The New York Times
November 15, 1998

'Carlos the Jackal' on Hunger Strike in Prison

          By CRAIG R. WHITNEY

               PARIS -- The terrorist who calls himself Carlos has been on a
               hunger strike for 11 days, protesting his four years of solitary
          confinement in a French prison, where he is serving a life sentence for
          murder.

          Carlos, 49, whose real name is Ilich Ramirez Sanchez, has been drinking
          water, and his life is not threatened, said officials at the Sante Prison. They
          said they had no intention of changing their treatment of him.

          In handwritten letters in French and English made available by his lawyers,
          Carlos says he is preparing for his death and has called on his supporters
          to kill one American or Israeli for every one of the 1,551 days he has
          been held in France.

          French agents acting on a tip from the CIA seized Carlos from a hospital
          room in Sudan in August 1994. He was brought here and tried for murder
          in shootings, bombings and other acts of terrorism that the authorities
          accused him of committing on French soil in the 1970s and against French
          institutions elsewhere in the 1980s.

          "I love France, eternal France, and I would regard as personal betrayal
          any attack in my name on a French citizen," Carlos said in a declaration in
          French titled "In case of my death," distributed by one of his lawyers,
          Isabelle Coutant-Peyre.

          "By contrast, I ask as the last wish of a living martyr that a United States
          or Zionist enemy be executed for each day that I have spent in prison in
          France, and that's the duty of my comrades, of all mujahedeen and of all
          the revolutionaries of the world," he wrote, using the Arabic word for holy
          warriors and signing off with "God is great," in the name of the Palestinian
          cause.

          The son of a Venezuelan Marxist lawyer, Carlos was named Ilich in honor
          of Vladimir Ilyich Lenin and was sent to Moscow to deepen his
          knowledge of Marxism.

          After being expelled as a troublemaker from Lumumba University in
          Moscow in 1970, he found his way to Beirut, Lebanon, and adopted his
          nom de guerre at the suggestion of a leader of the Popular Front for the
          Liberation of Palestine. Advocating violent struggle, the group gave
          Carlos the first vehicle for his anti-American revolutionary ambitions.

          After leading a series of spectacular actions that included the kidnapping
          of the oil ministers of the Organization of Petroleum Exporting Countries
          in Vienna in 1975, he allied himself with the West German terrorist group
          Baader-Meinhof. For a few years during the Cold War, he was allowed
          to operate from East Berlin, Budapest and other Communist capitals in
          Eastern Europe.

          In a new book about him ("Jackal," published in London by Weidenfeld
          & Nicolson), John Follain, a British journalist, says Carlos sought refuge
          in Syria when the Communists tired of him. The Syrians, learning that the
          French were on his trail, tried to expel him to Libya in 1991, but the
          authorities there did not want him, either.

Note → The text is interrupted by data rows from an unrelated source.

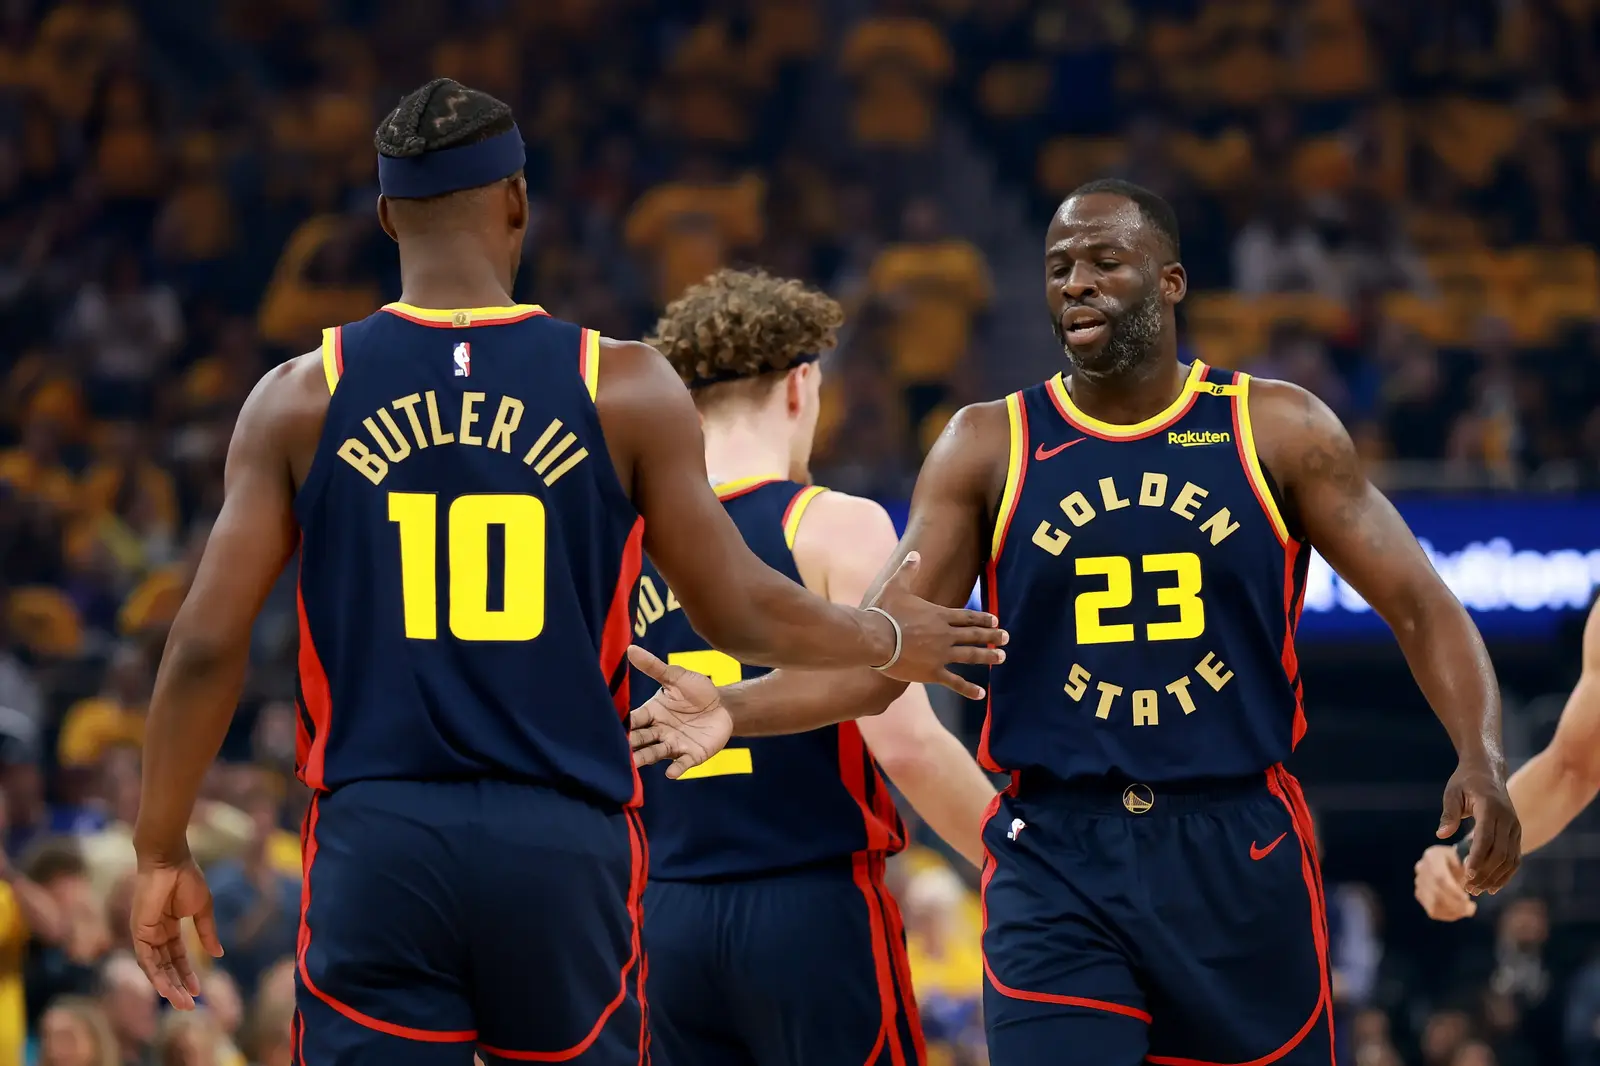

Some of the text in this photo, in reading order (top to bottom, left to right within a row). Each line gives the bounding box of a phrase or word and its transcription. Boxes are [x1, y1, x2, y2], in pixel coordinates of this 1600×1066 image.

[1211, 385, 1224, 394] 16
[336, 390, 589, 487] BUTLER III
[1167, 430, 1230, 447] Rakuten
[1031, 472, 1241, 556] GOLDEN
[388, 492, 546, 642] 10
[1074, 552, 1206, 645] 23
[1063, 650, 1235, 727] STATE

          Eventually he wound up in Sudan, where he was recovering from an
          operation when French agents, with the tacit approval of the Sudanese
          authorities, pounced on him, wrapped him up in a burlap bag and flew him
          to Paris in an executive jet.

          He was convicted in Paris last Dec. 24 of the murder of two French
          police agents and a Lebanese informer in the Latin Quarter in 1975.

          On Nov. 3 he began his hunger strike, he said in an open letter to Justice
          Minister Elisabeth Guigou, after being accused of insulting a prison guard.

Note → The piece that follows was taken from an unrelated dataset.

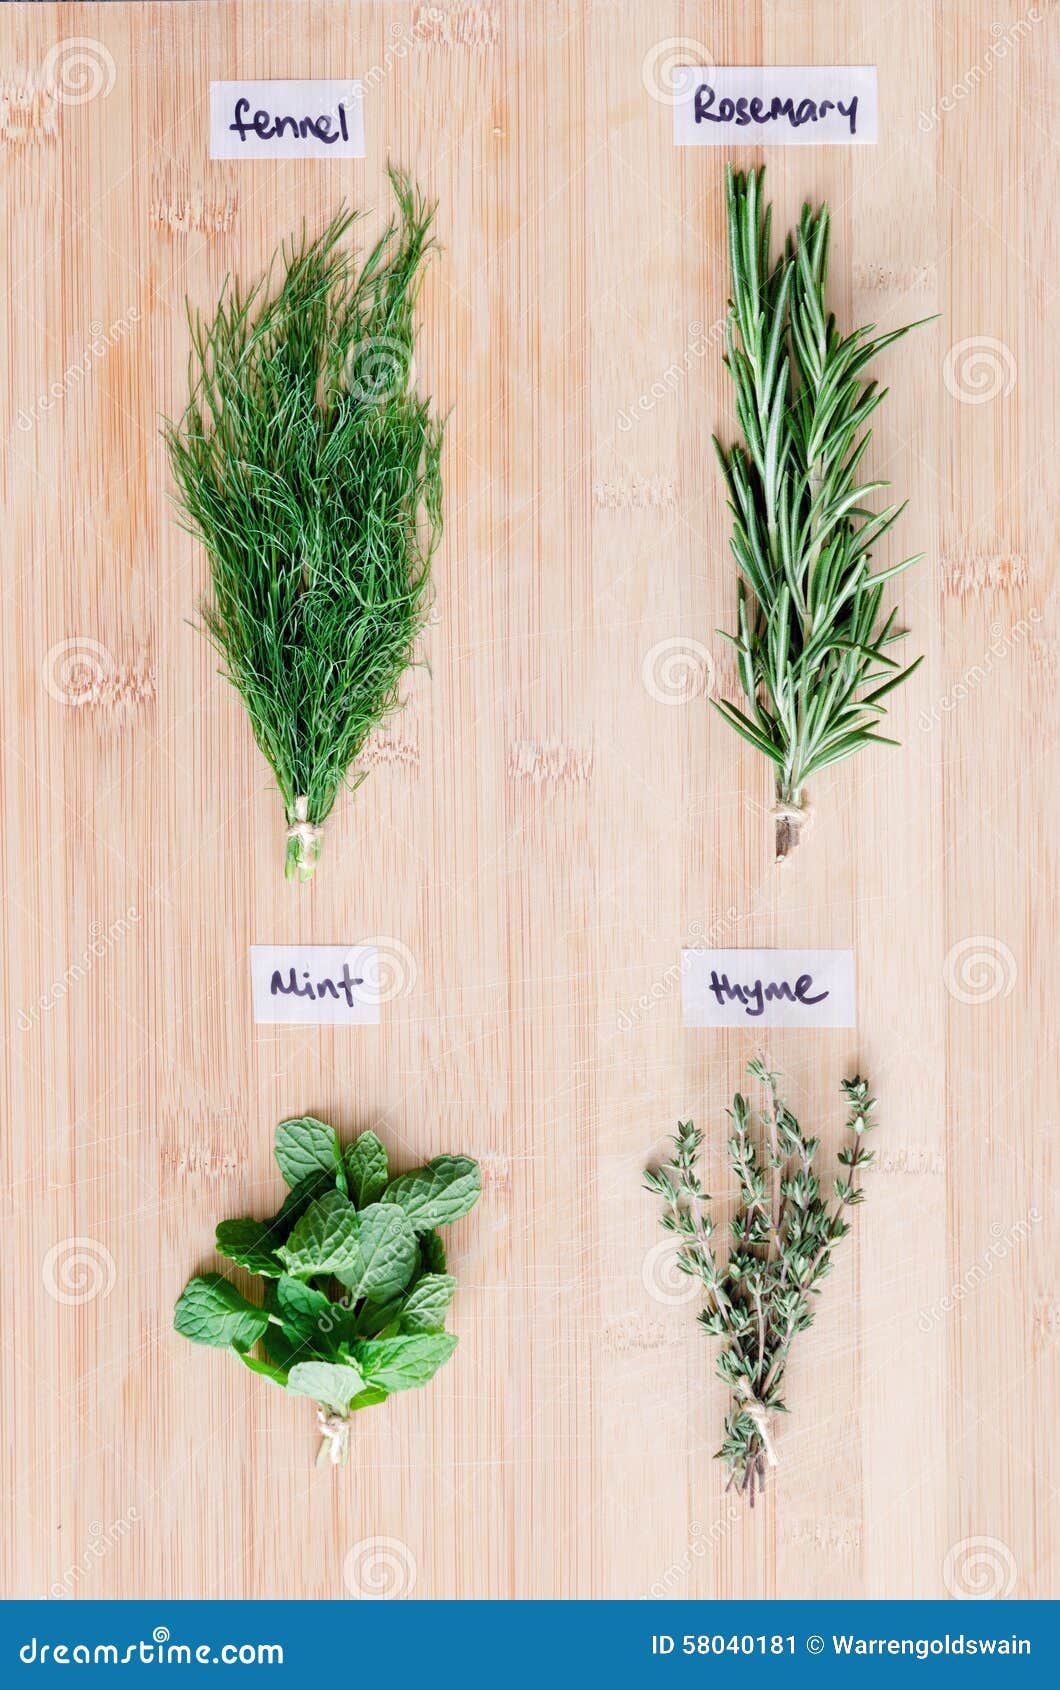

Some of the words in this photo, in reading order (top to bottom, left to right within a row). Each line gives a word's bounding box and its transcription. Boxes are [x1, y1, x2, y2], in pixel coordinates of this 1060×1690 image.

[229, 97, 349, 145] fennel
[694, 84, 859, 135] Rosemary
[708, 970, 830, 1016] thyme

          The prison authorities disciplined Carlos with five days of stricter solitary
          confinement, saying he had cursed at and insulted the guard, who had
          interrupted a meeting with his lawyers.

          "I do not know the professions of the mother of this individual, or his
          sexual inclinations, and I did not yell at him questioning his virility or his
          mother's morality," Carlos wrote. "On the other hand, I did criticize his
          lack of civil courage and disregard for his own origins shown by
          conducting himself like an agent of colonialism." The guard is of West
          Indian descent.

          He then vowed to refuse to take food or water to protest interference
          with his mailing privileges and to demand the right to receive visitors other
          than lawyers and take French lessons, Mrs. Coutant-Peyre said. The
          prison authorities said Carlos had partly broken his fast on Tuesday night
          by drinking nearly a gallon of mineral water.